- **RECORDS PROVIDED**
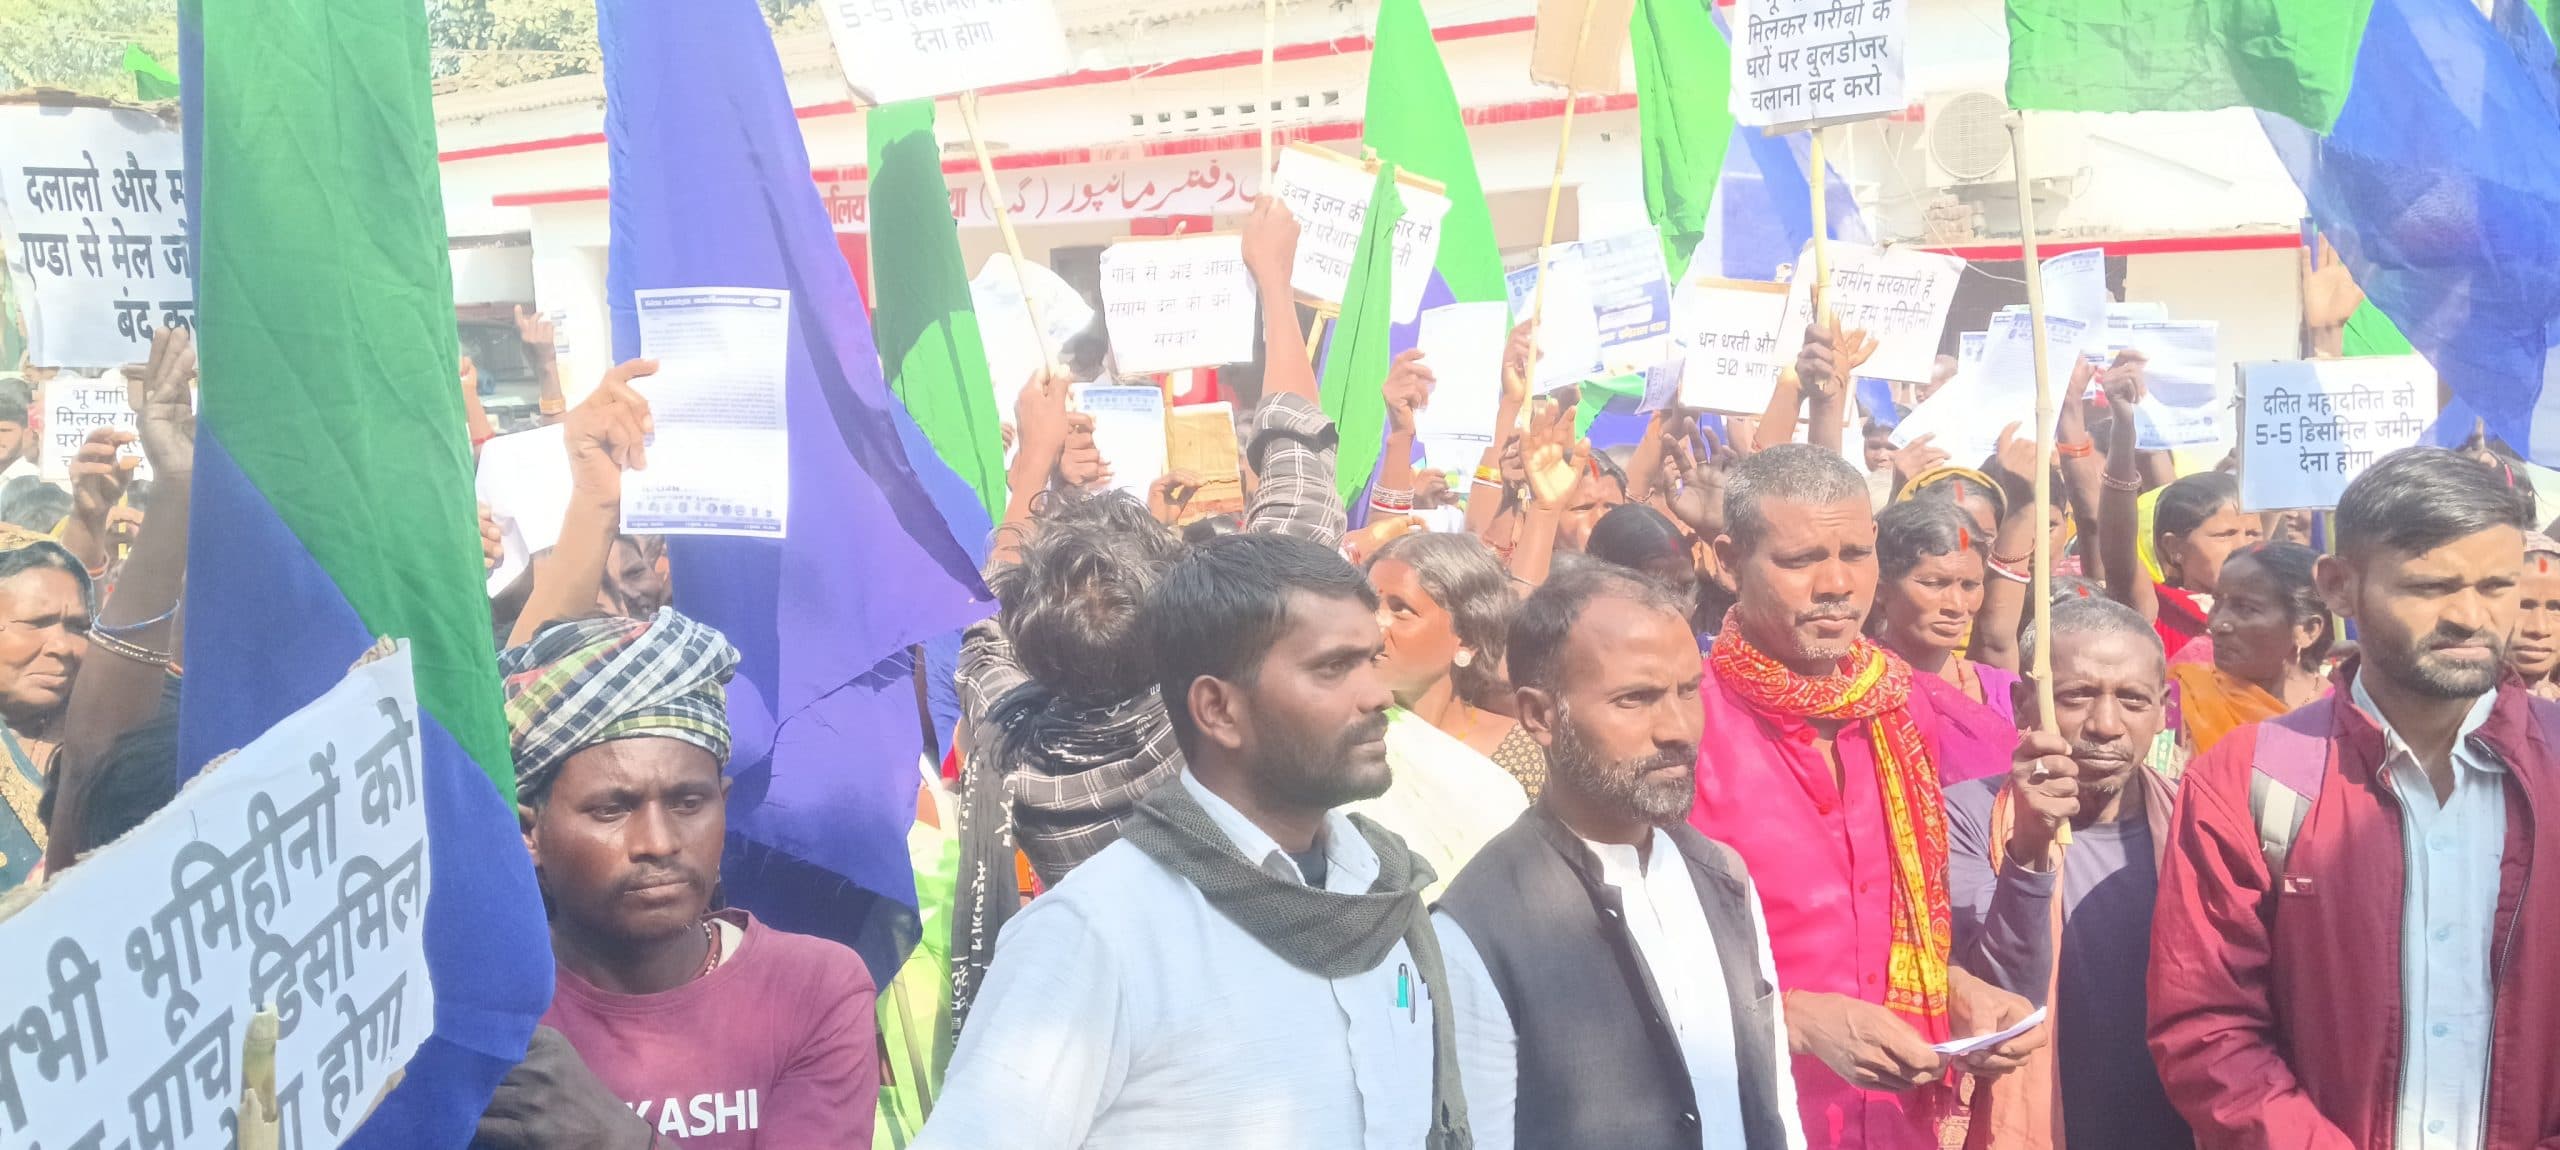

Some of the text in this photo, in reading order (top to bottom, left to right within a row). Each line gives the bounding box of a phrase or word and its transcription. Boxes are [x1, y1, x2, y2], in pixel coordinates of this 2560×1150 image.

[911, 19, 993, 53] देना होगा
[1749, 14, 1807, 45] मिलकर
[1746, 31, 1888, 78] घरों पर बुलडोजर
[1750, 84, 1802, 111] चलाना
[1843, 64, 1882, 98] करो
[22, 150, 103, 213] दलालो
[111, 151, 162, 213] और
[76, 217, 103, 278] से
[108, 217, 154, 278] मेल
[160, 218, 191, 278] जो
[1836, 264, 1874, 293] जमीन
[1877, 270, 1921, 297] सरकारी
[113, 286, 154, 343] बंद
[1699, 332, 1717, 348] धन
[74, 389, 89, 409] भू
[2263, 382, 2415, 415] दलित महादलित को
[56, 407, 116, 426] मिलकर
[2256, 412, 2423, 445] 5-5 डिसमिल जमीन
[2299, 444, 2374, 474] देना होगा
[125, 741, 341, 1046] भूमिहीनों
[354, 696, 416, 828] को
[249, 838, 424, 1040] डिसमिल
[317, 970, 407, 1137] होगा

- **TO DO**
Please set down every line of the data above precisely, dropping the images.

- **SOLUTION TO THE EXERCISE**
Some of the text in this photo, in reading order (top to bottom, left to right within a row). Each line gives the bounding box of a phrase or word and its transcription. Boxes are [x1, y1, x2, y2], in pixel coordinates of this 2560×1150 image.

[911, 19, 993, 53] देना होगा
[1749, 14, 1807, 45] मिलकर
[1746, 31, 1888, 78] घरों पर बुलडोजर
[1750, 84, 1802, 111] चलाना
[1843, 64, 1882, 98] करो
[22, 150, 103, 213] दलालो
[111, 151, 162, 213] और
[76, 217, 103, 278] से
[108, 217, 154, 278] मेल
[160, 218, 191, 278] जो
[1836, 264, 1874, 293] जमीन
[1877, 270, 1921, 297] सरकारी
[113, 286, 154, 343] बंद
[1699, 332, 1717, 348] धन
[74, 389, 89, 409] भू
[2263, 382, 2415, 415] दलित महादलित को
[56, 407, 116, 426] मिलकर
[2256, 412, 2423, 445] 5-5 डिसमिल जमीन
[2299, 444, 2374, 474] देना होगा
[125, 741, 341, 1046] भूमिहीनों
[354, 696, 416, 828] को
[249, 838, 424, 1040] डिसमिल
[317, 970, 407, 1137] होगा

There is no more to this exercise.